Five women walked across the green grass, across the waters. They stopped at times to eat and drink. No others walked with them or crossed their way.

One day the women stopped, made shelter from pine branches.

White Feather, name sounds like ‘Kaloke’, spoke first. “We walked many moons. It is time to rest some suns.”

The four other women glanced at each other.

“You know best, Kaloke.” Grey Owl (Caxeropes) spoke softly, as was their way.

Black Wolf (Lokuilpt), No-Name-Yet, and Strong Branch (Mefiwasoti) bowed their heads. They had no need to disagree. Five women laid down five animal skins over pine branches. When the sky became as black as the bird that stole food, the Apsáalooke, they slept.

Mefiwasoti woke with the sun, then wandered to find food; perhaps to find a few berries or mushrooms. No-Name-Yet crawled on the ground, searching for a hole that might contain a small animal. Lokuilpt removed fire from a pouch. Soon it blazed in a stone ring.

Kaloke watched as the other women worked. She found their work pleasing. Kaloke gathered the animal hides, then threw them over bushes to dry. They would need them when the sun disappeared and the sky again became black as the Apsáalooke. She led the women on this journey. They had traveled far. But there were many suns and black skies yet to travel. This rest would be good.

The five women shared their lives as they shared their blood. Kaloke, mother of Caxeropes and Lokuilpt. Caxeropes was mother of No-Name-Yet. Mefiwasoti shared a mother with Kaloke.

They left other mothers and fathers and family members to journey to a new land. Wise men instructed them to travel far, as their dreams showed these women wandering to a land where unknown people lived. These unknown people they would have to befriend if they were to make their homes there. But not yet. Many suns were yet to shine.

Five women sat around the fire as the sun began to get lower in the sky. No-Name-Yet roasted small animals over fire, Mefiwasoti passed around the few berries found earlier. Kaloke drank from an animal skin, the stored water. Then she passed around the water.

“How many stones are left in your bag, Mefiwasoti?” asked Kaloke.

Mefiwasoti emptied a small skin bag into her lap. “I count both hands. That is how many stones are in the bag.”

Kaloke thought for a time. “We have both hands for suns and both hands for dark sky to travel until we get to the new land. The wise men gave us the stones for counting. We must abide by their wisdom.

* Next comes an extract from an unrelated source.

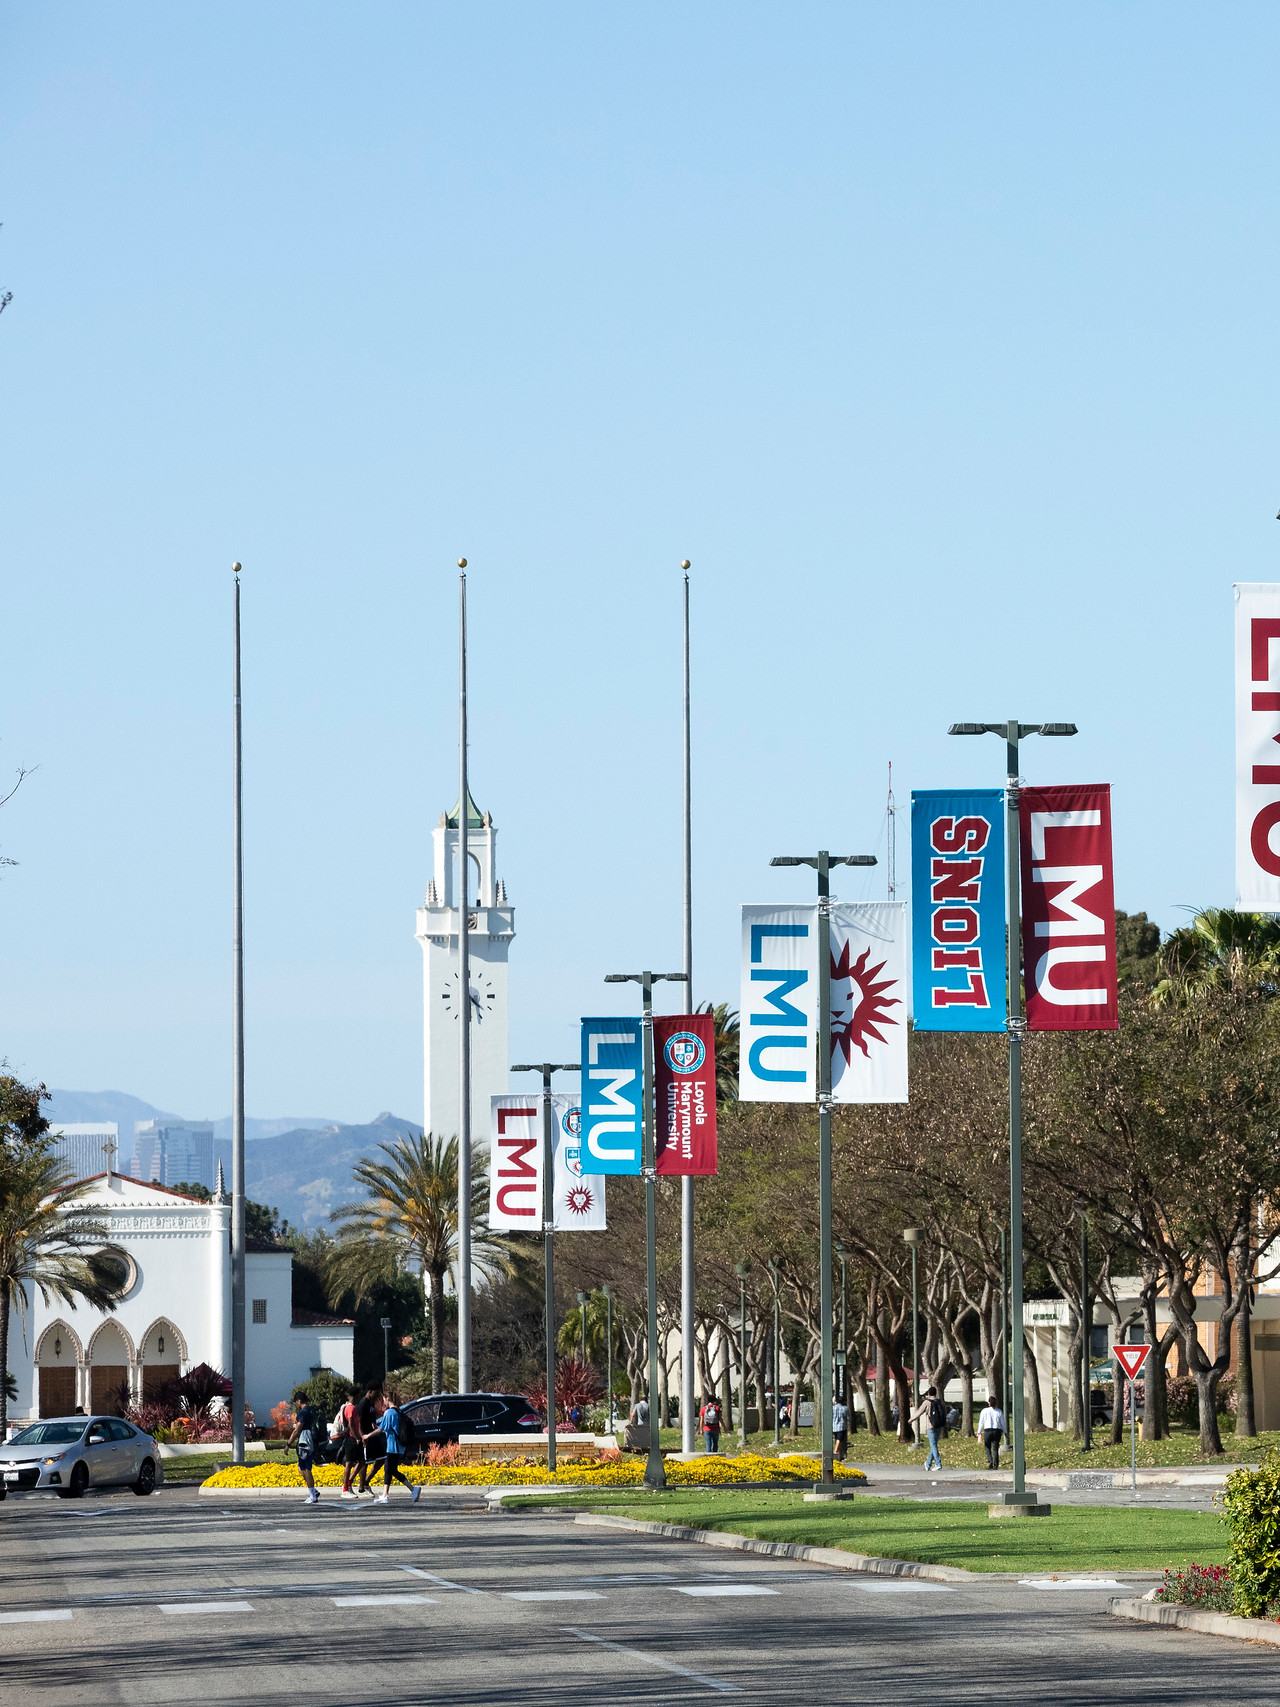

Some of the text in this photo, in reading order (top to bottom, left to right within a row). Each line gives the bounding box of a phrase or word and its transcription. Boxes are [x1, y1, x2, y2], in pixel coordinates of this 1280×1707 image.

When we get to the last stone, we will stop in that land.”

All the women were silent. No one disagreed. They understood the wise men knew more than they. When the last stone was counted, they all agreed the wise men had seen in the sacred dream the new land. There the journey would end. There they would start their new lives.
The sky turned as black as Apsáalooke’s feathers. Bright spots of light dotted that sky. No-Name-Yet pointed to shapes, Átsé Etsoh, First Big One, and Hastiin Sik’aí’ií, Man with Feet Apart. “Now we follow these wise men on our journey. They will show us the path,” Kaloke stated. All five women gazed at the black sky overhead until they fell asleep on animal skins.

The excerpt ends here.